### Recorded data

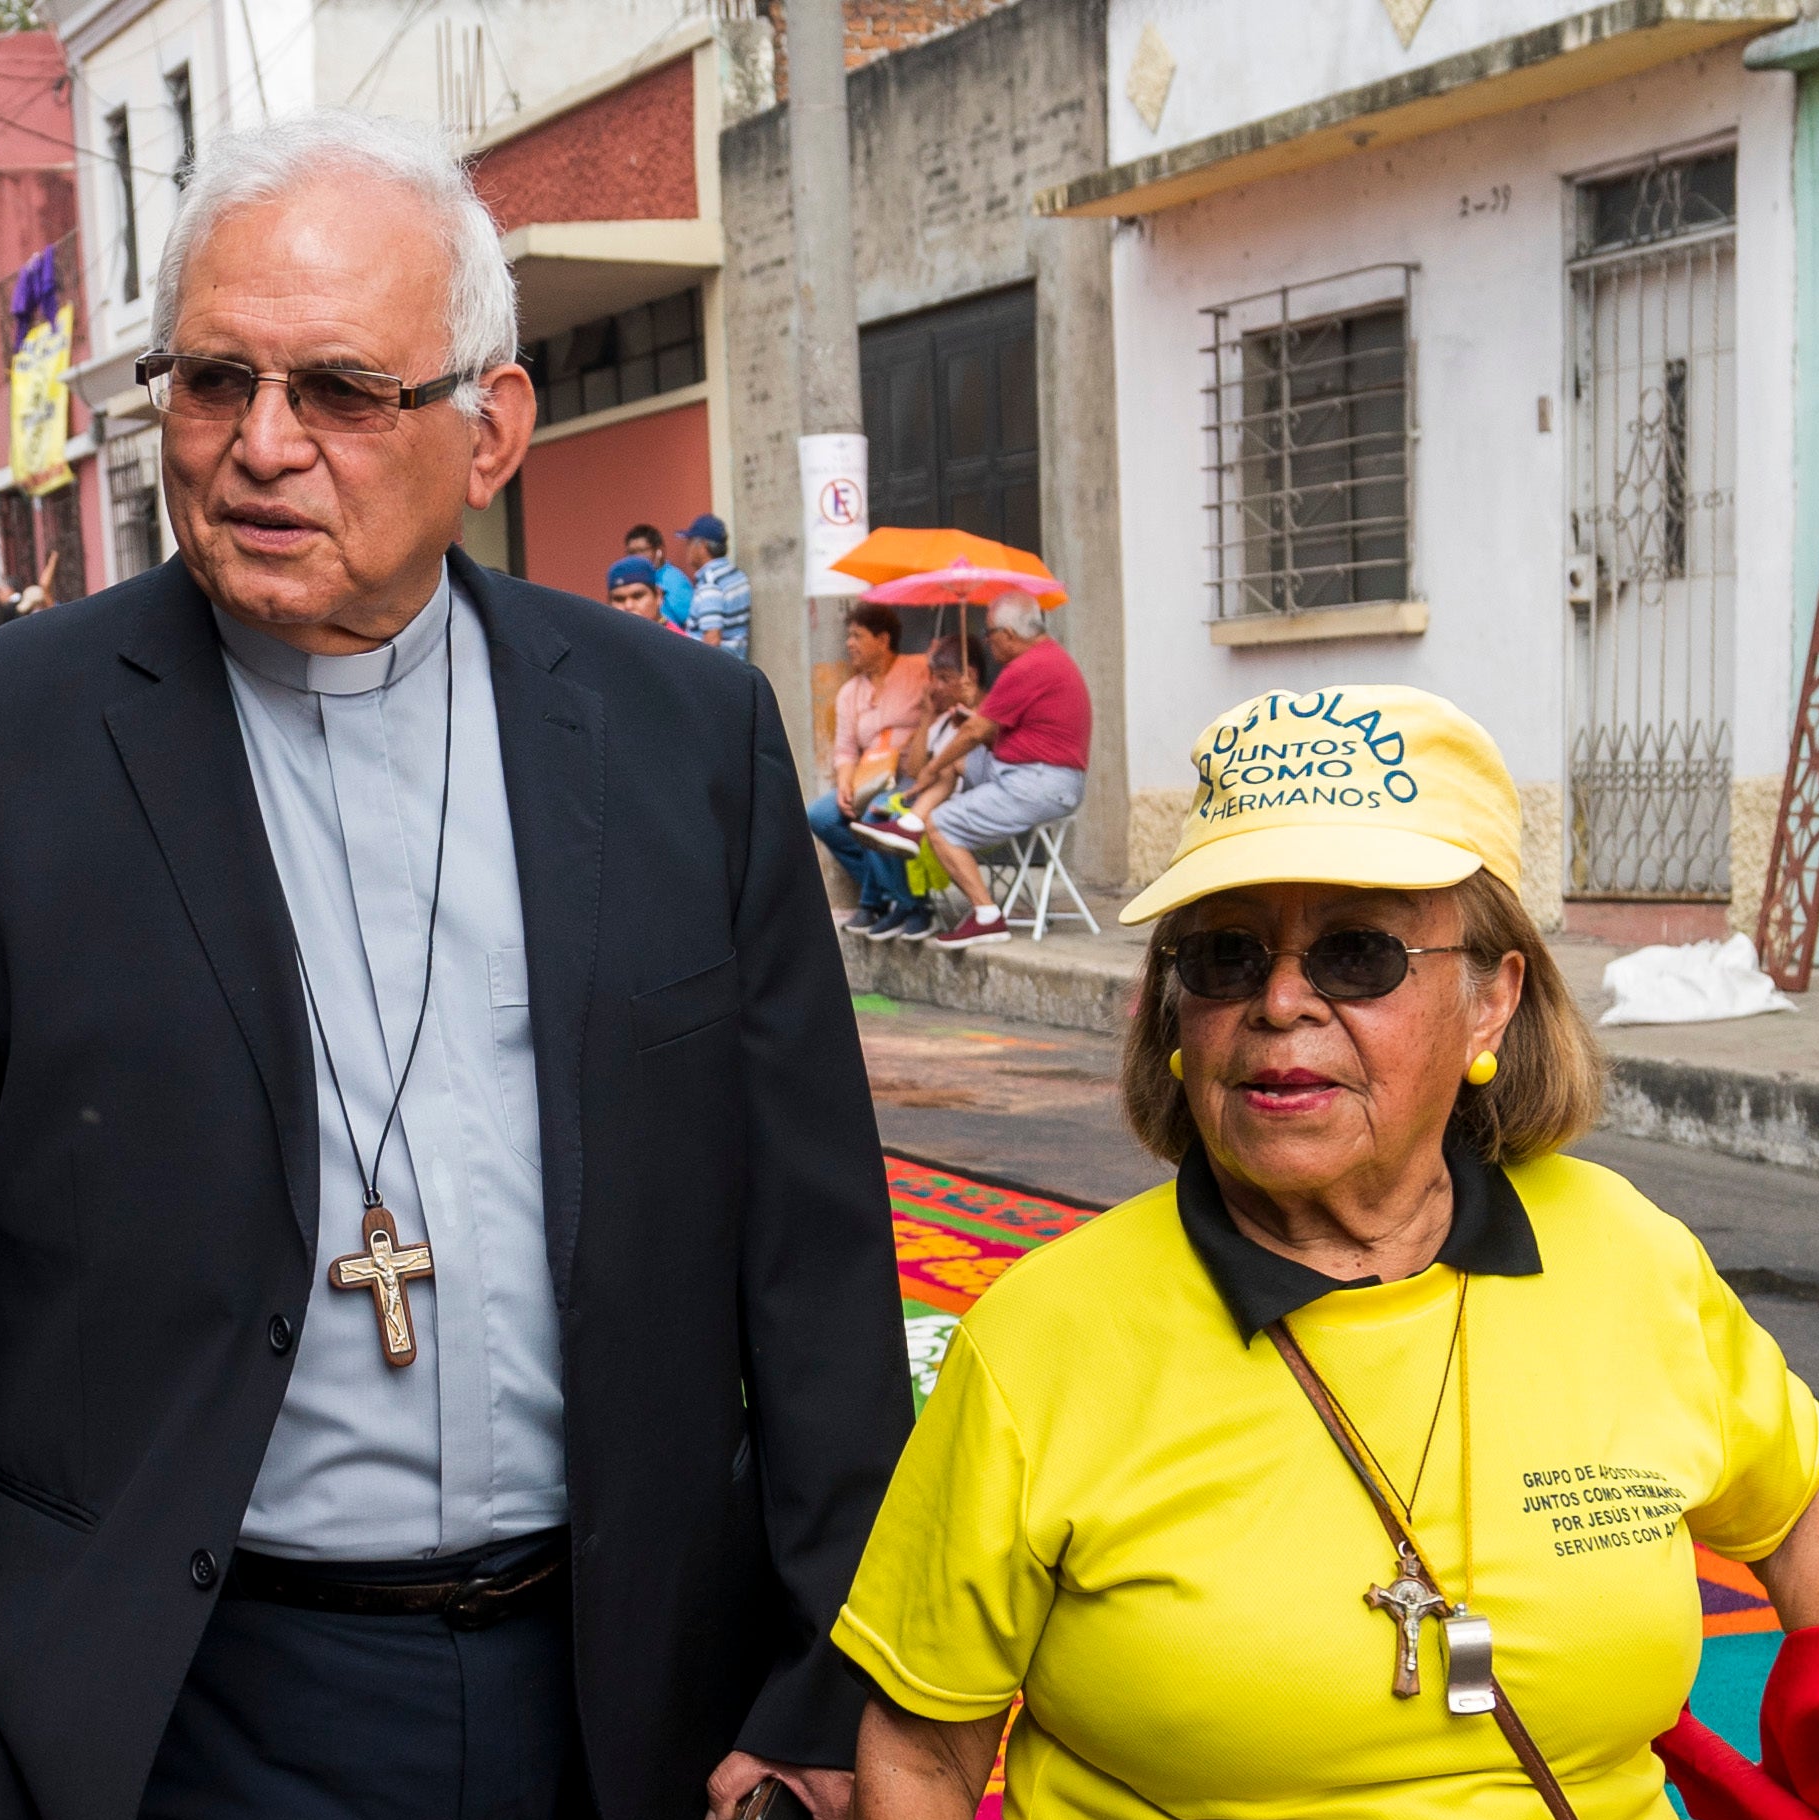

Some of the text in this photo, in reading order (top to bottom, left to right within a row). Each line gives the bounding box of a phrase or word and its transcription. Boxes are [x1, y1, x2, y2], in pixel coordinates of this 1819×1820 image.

[1223, 739, 1357, 770] JUNTOS
[1219, 760, 1353, 790] COMO
[1210, 786, 1381, 824] HERMANOS
[1523, 1469, 1572, 1488] GRUPO
[1575, 1465, 1596, 1481] DE
[1523, 1492, 1580, 1513] JUNTOS
[1583, 1487, 1622, 1503] COMO
[1552, 1515, 1584, 1533] POR
[1588, 1505, 1631, 1528] JESÚS
[1631, 1506, 1641, 1521] Y
[1554, 1531, 1631, 1557] SERVIMOS
[1632, 1526, 1662, 1544] CON

### Task description
Output everything in the records above word for word, but not the pictures.

### Task output
Some of the text in this photo, in reading order (top to bottom, left to right within a row). Each line gives the bounding box of a phrase or word and its transcription. Boxes are [x1, y1, x2, y2], in pixel coordinates of this 1819×1820 image.

[1223, 739, 1357, 770] JUNTOS
[1219, 760, 1353, 790] COMO
[1210, 786, 1381, 824] HERMANOS
[1523, 1469, 1572, 1488] GRUPO
[1575, 1465, 1596, 1481] DE
[1523, 1492, 1580, 1513] JUNTOS
[1583, 1487, 1622, 1503] COMO
[1552, 1515, 1584, 1533] POR
[1588, 1505, 1631, 1528] JESÚS
[1631, 1506, 1641, 1521] Y
[1554, 1531, 1631, 1557] SERVIMOS
[1632, 1526, 1662, 1544] CON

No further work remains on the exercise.